## Problem to work on
Write the entries below out again in full. Match every character.

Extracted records
* * * * * * *

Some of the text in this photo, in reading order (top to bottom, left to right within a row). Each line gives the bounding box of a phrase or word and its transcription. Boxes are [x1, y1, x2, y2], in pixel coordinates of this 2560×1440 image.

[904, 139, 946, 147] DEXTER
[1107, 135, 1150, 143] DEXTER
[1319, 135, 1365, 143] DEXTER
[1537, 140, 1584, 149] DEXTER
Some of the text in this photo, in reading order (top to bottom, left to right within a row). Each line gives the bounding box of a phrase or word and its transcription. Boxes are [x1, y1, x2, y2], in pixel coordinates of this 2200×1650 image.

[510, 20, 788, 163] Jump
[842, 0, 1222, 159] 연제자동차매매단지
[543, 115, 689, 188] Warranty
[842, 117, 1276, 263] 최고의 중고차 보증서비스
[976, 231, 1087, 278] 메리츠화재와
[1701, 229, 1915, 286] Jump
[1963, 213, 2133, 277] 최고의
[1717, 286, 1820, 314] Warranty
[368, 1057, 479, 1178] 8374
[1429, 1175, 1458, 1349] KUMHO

* * * * * * *

## Your response
Some of the text in this photo, in reading order (top to bottom, left to right within a row). Each line gives the bounding box of a phrase or word and its transcription. Boxes are [x1, y1, x2, y2], in pixel coordinates of this 2560×1440 image.

[904, 139, 946, 147] DEXTER
[1107, 135, 1150, 143] DEXTER
[1319, 135, 1365, 143] DEXTER
[1537, 140, 1584, 149] DEXTER
Some of the text in this photo, in reading order (top to bottom, left to right within a row). Each line gives the bounding box of a phrase or word and its transcription. Boxes are [x1, y1, x2, y2], in pixel coordinates of this 2200×1650 image.

[510, 20, 788, 163] Jump
[842, 0, 1222, 159] 연제자동차매매단지
[543, 115, 689, 188] Warranty
[842, 117, 1276, 263] 최고의 중고차 보증서비스
[976, 231, 1087, 278] 메리츠화재와
[1701, 229, 1915, 286] Jump
[1963, 213, 2133, 277] 최고의
[1717, 286, 1820, 314] Warranty
[368, 1057, 479, 1178] 8374
[1429, 1175, 1458, 1349] KUMHO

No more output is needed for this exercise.